Graham returned to Inter Bratislava for the 2013–14 season, recording a season-best game with 29 points and 10 rebounds on January 25, 2014, against Levice, and helped the club make it back to the Finals series. There they swept the series 4–0, defeating Prievidza to claim back-to-back championships. Graham appeared in 42 games (32 regular season, 10 playoff) for Bratislava in 2013–14, starting in 22 and averaging 13.0 points, 7.4 rebounds, 2.9 assists and 1.8 steals per game.

===Zalakerámia-ZTE KK (2014)===
In August 2014, Graham signed with Hungarian club Zalakerámia ZTE. He left the club in late November after appearing in seven games. In those seven games, he averaged 9.7 points, 4.9 rebounds, 4.6 assists and 2.1 steals per game.

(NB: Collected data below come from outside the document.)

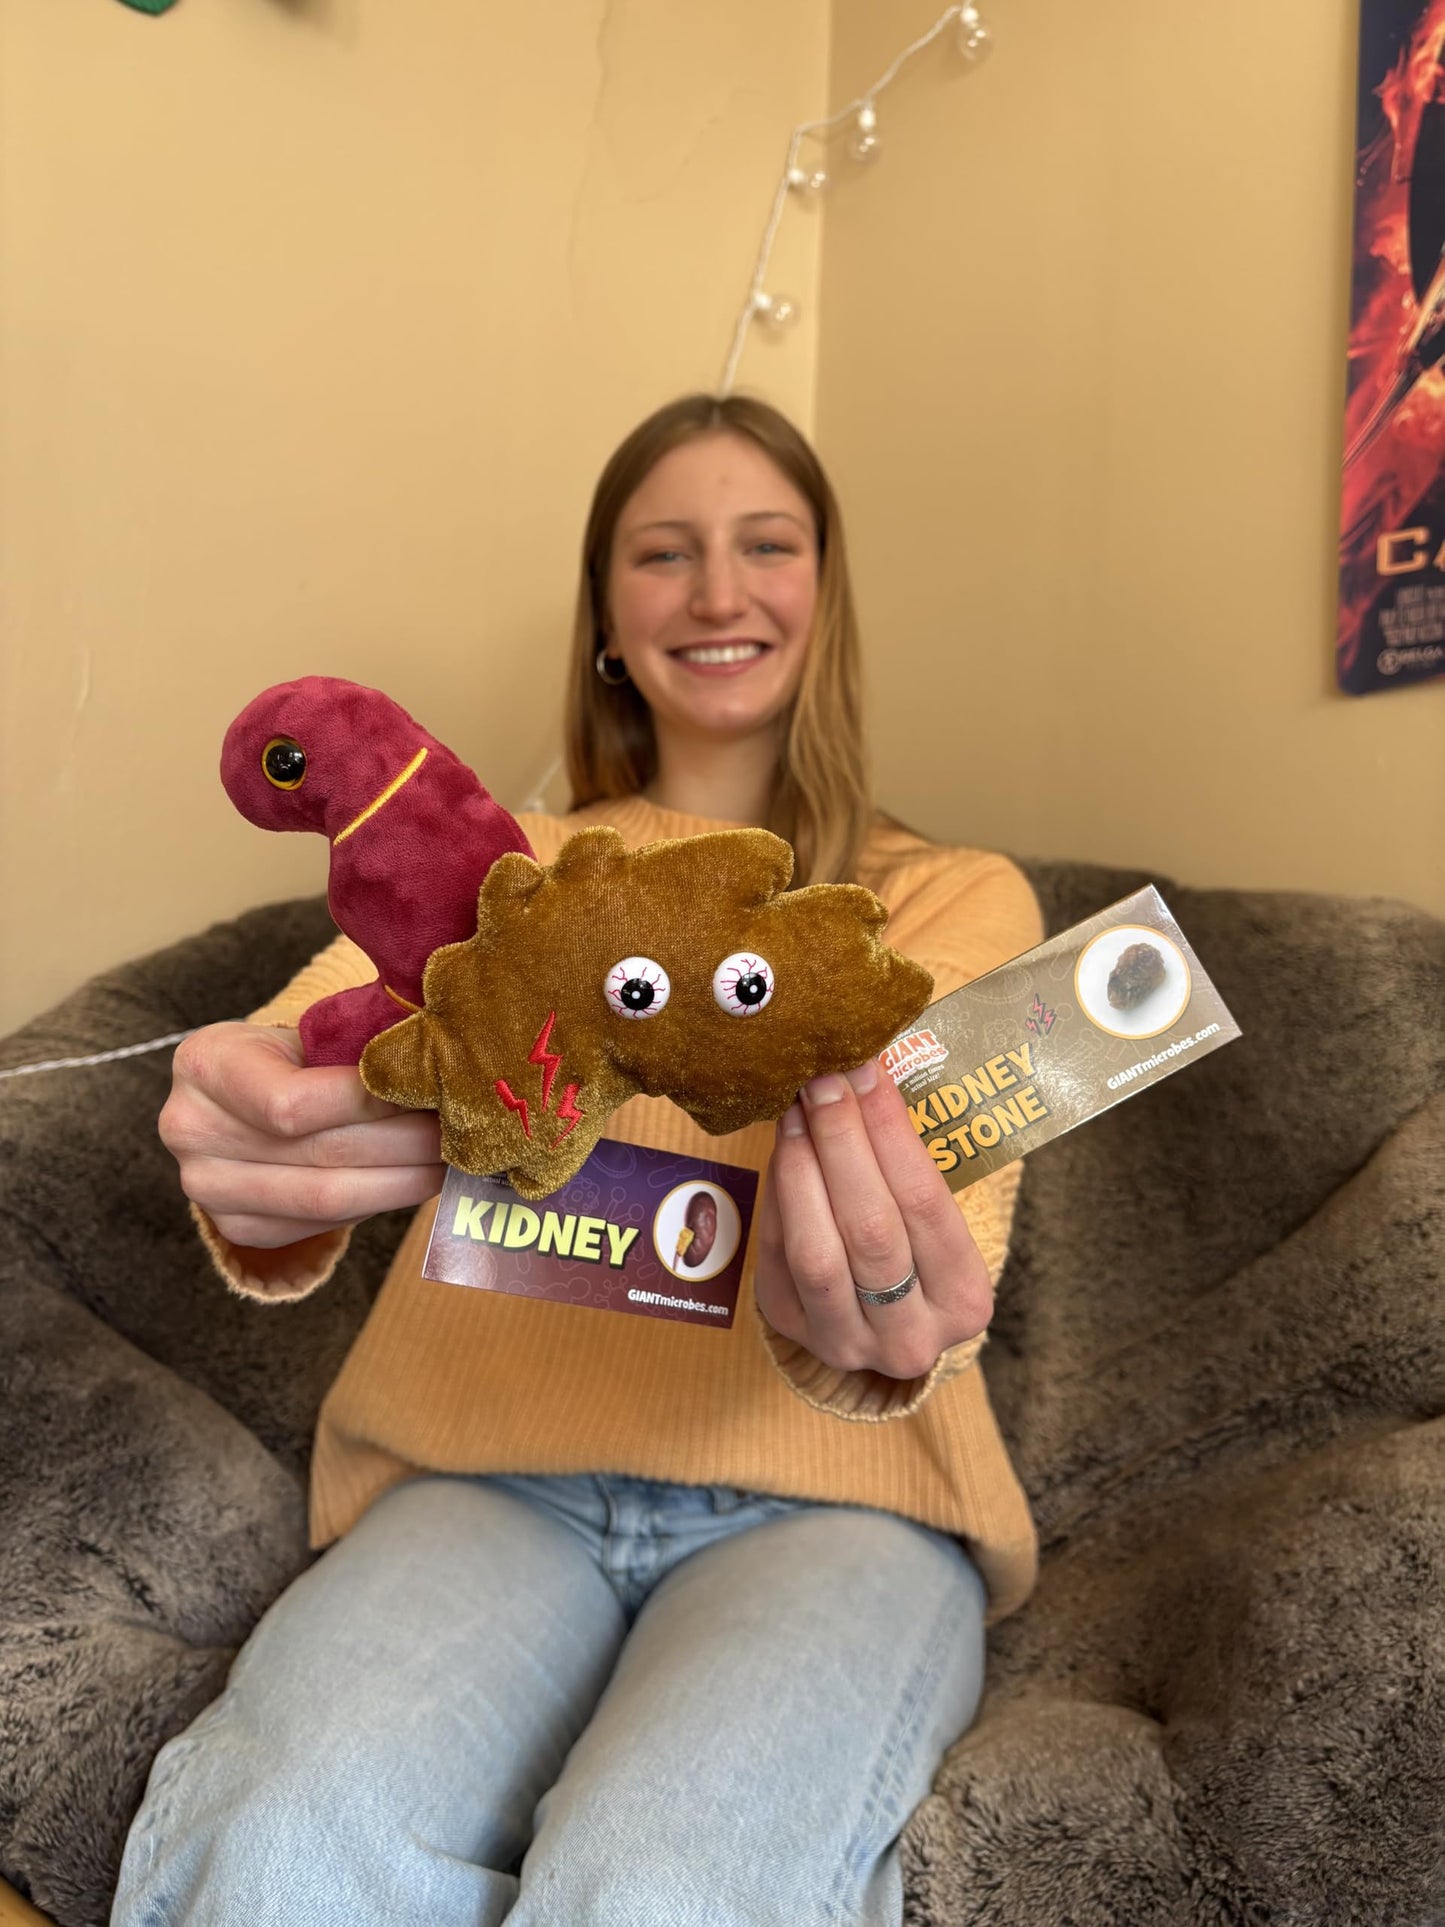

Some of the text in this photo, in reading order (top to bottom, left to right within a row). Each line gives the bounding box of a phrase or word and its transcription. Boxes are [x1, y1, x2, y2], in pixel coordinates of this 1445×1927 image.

[880, 1030, 938, 1070] GIANT
[1106, 1022, 1221, 1090] GIANTmicrobes.com
[906, 1041, 1038, 1135] KIDNEY
[926, 1085, 1048, 1173] STONE
[451, 1195, 640, 1268] KIDNEY
[627, 1288, 729, 1316] GIANTmicrobes.com
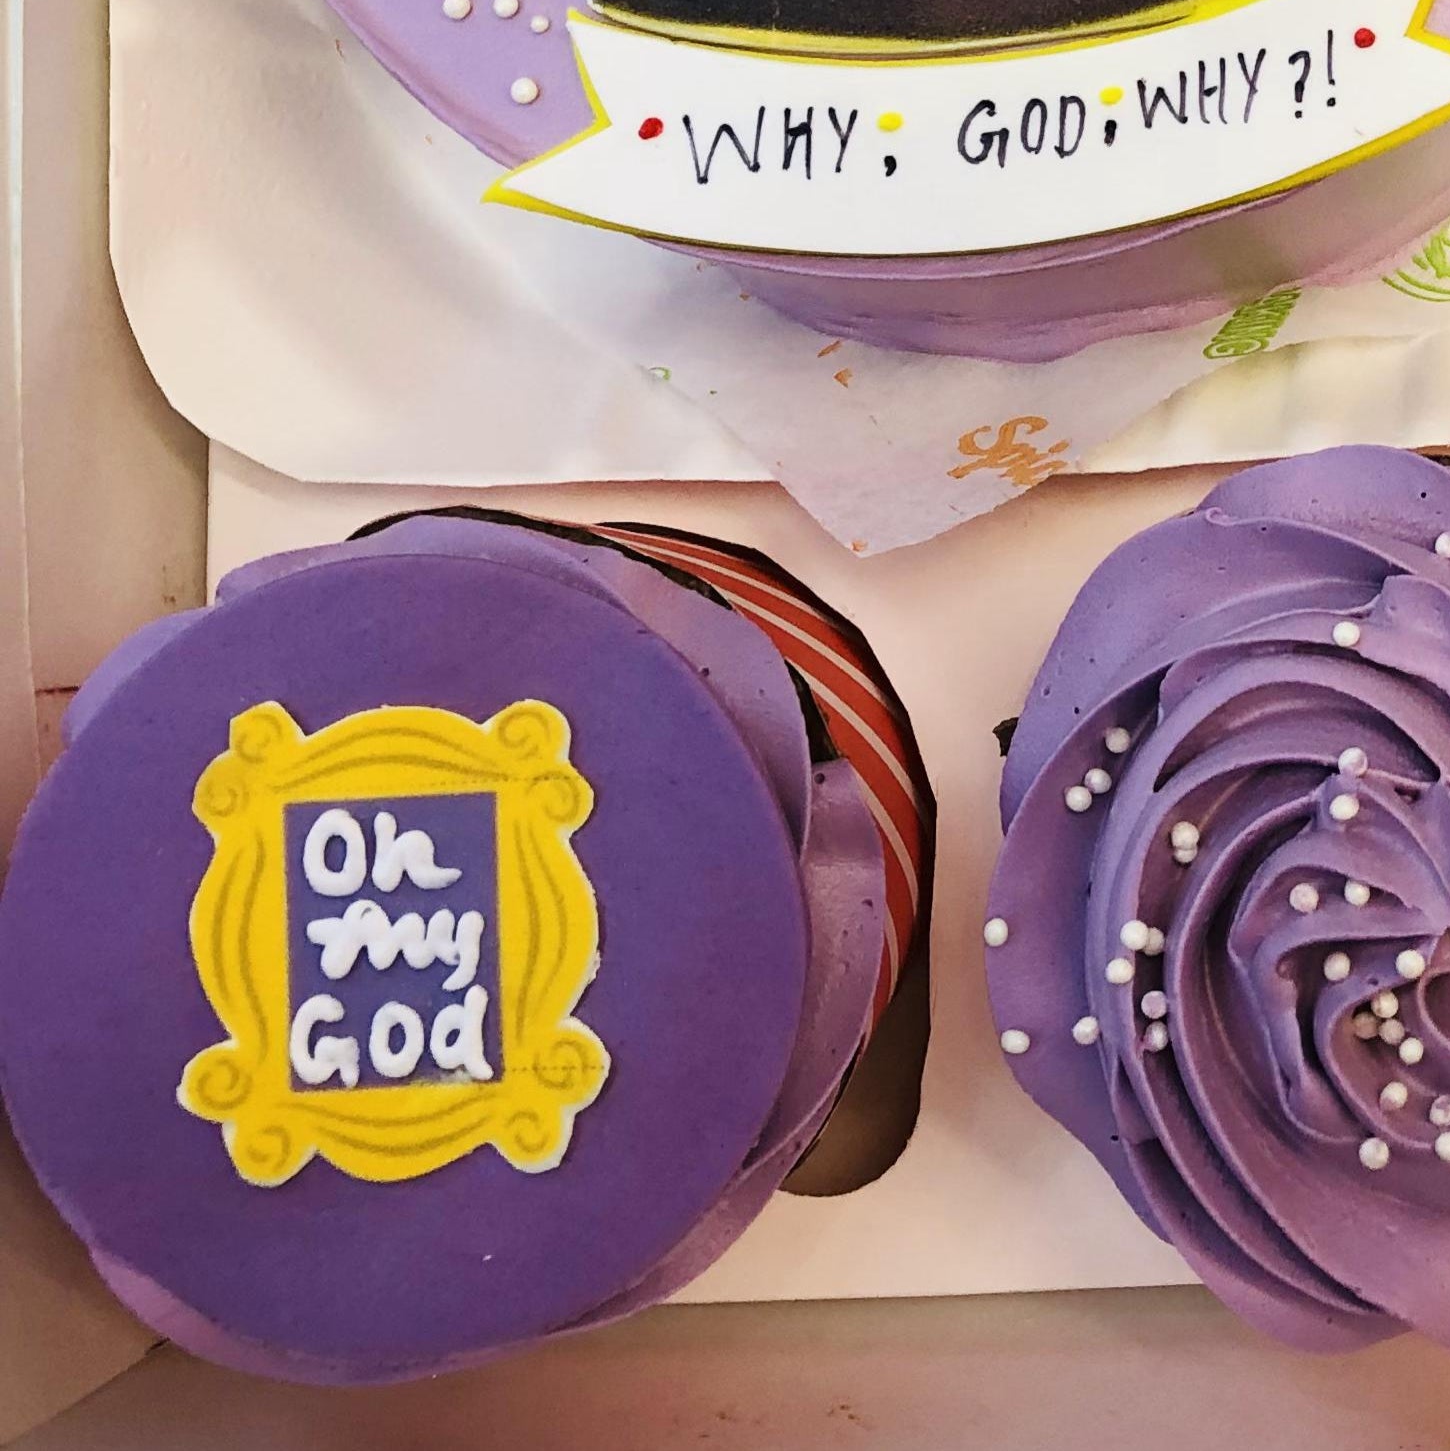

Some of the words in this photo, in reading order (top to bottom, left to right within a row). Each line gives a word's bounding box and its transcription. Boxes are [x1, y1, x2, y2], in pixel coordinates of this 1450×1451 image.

[303, 808, 462, 896] Oh
[307, 899, 484, 991] my
[290, 985, 494, 1088] God
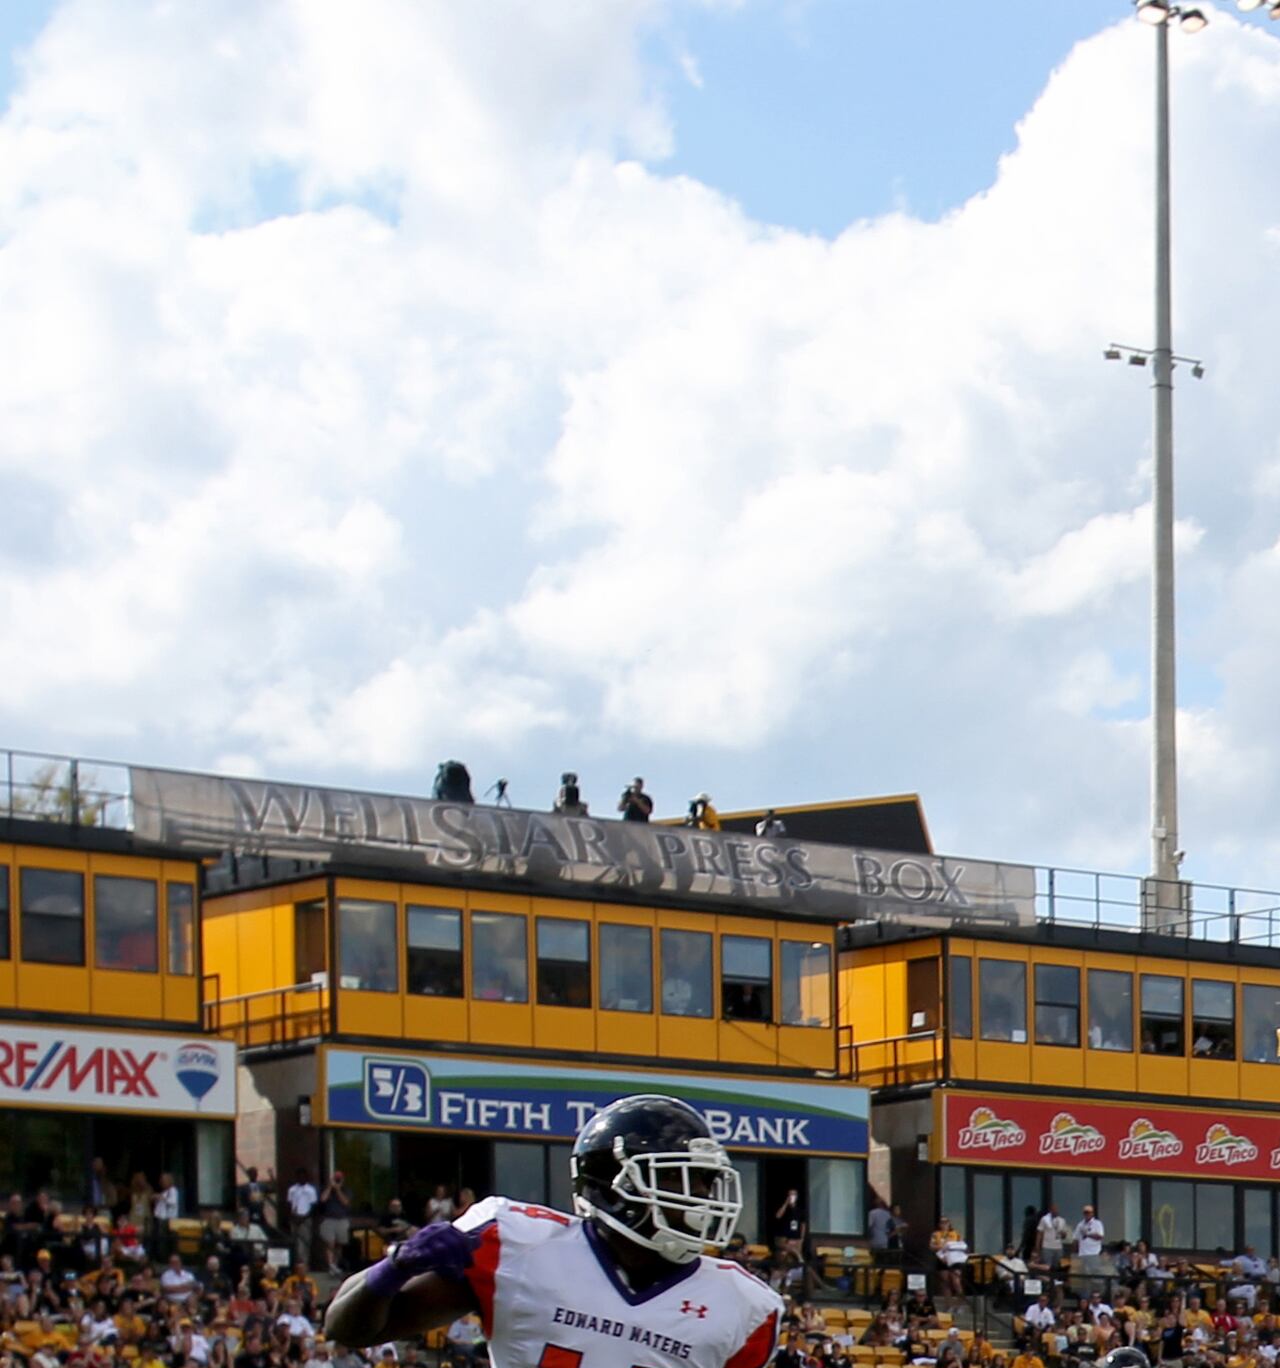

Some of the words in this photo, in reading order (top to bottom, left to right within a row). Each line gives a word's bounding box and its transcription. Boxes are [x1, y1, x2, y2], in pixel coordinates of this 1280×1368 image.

[224, 780, 612, 869] WELLSTAR
[655, 832, 814, 890] PRESS
[852, 852, 970, 906] BOX
[0, 1039, 159, 1098] RE/MAX
[438, 1091, 552, 1131] FIFTH
[703, 1108, 811, 1146] BANK
[552, 1306, 625, 1338] EDWARD
[629, 1326, 693, 1360] WATERS
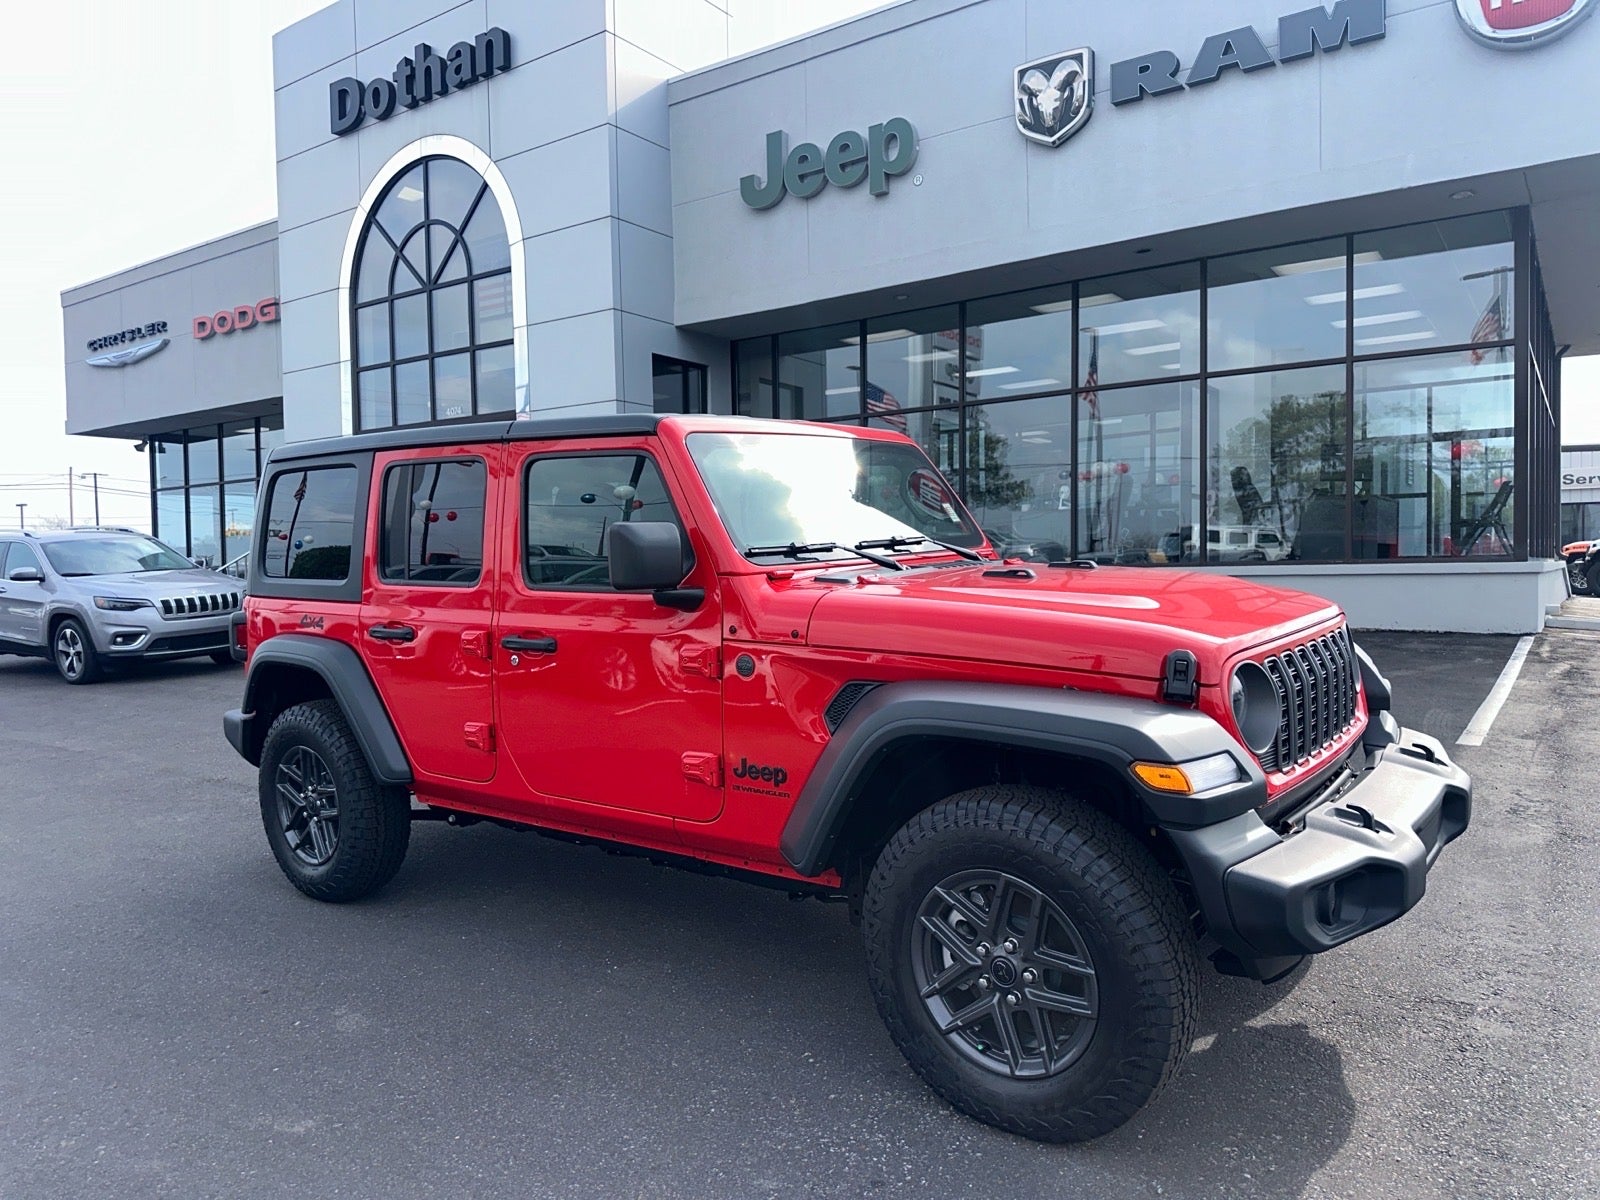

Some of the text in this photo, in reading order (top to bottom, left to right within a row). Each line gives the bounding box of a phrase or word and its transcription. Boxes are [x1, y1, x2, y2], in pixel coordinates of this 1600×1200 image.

===Second Inter Bratislava stint (2014–2015)===
On December 6, 2014, Graham signed with Inter Bratislava for the rest of the 2014–15 season, returning to the club for a second stint. He helped the club win the 2015 Slovak Cup title, but they could not overcome eventual champions MBK Rieker Komárno in the playoffs. In 26 games for the club in 2014–15, he averaged 10.0 points, 5.8 rebounds, 3.0 assists and 2.2 steals per game.

===Canterbury Rams (2016)===
On March 25, 2016, Graham signed with the Canterbury Rams as injury replacement for Jamie Adams. He made his debut for the Rams later that day, recording 13 points, 3 rebounds, 4 assists, 1 steal and 1 block in 31 minutes of action as a starter in a 98–94 win over the Southland Sharks. On April 25, in his ninth game for the Rams, Graham was forced to hobble off the court with a knee injury after just three minutes and did not return. Four days later, he was ruled out for three weeks with a medial collateral ligament (MCL) sprain to his knee. He returned to the line-up on May 25, winning the battle over Jamie Adams for the Rams' second import spot for the NBL playoffs. The Rams finished the regular season in first place with a 13–5 record. In their semi-final match-up with the fourth-seeded Super City Rangers, the Rams were outclassed and heavily defeated 104–85. In 11 games for the Rams, he averaged 6.5 points, 3.5 rebounds, 2.1 assists and 1.0 steals per game.

==Personal life==
Graham's father, Steve Graham played two seasons of college basketball for Cal State Stanislaus (1986–88) and averaged in double-figure scoring each season. His mother, Shari Hernandez, also played basketball for Cal State Stanislaus. Graham's separated when he was four years old. His sister, Jessica, played basketball for the University of Idaho, another WAC school. Graham is also the step-grandson of former Phoenix Suns center Neal Walk, the second pick in the 1969 NBA draft behind UCLA's Lew Alcindor.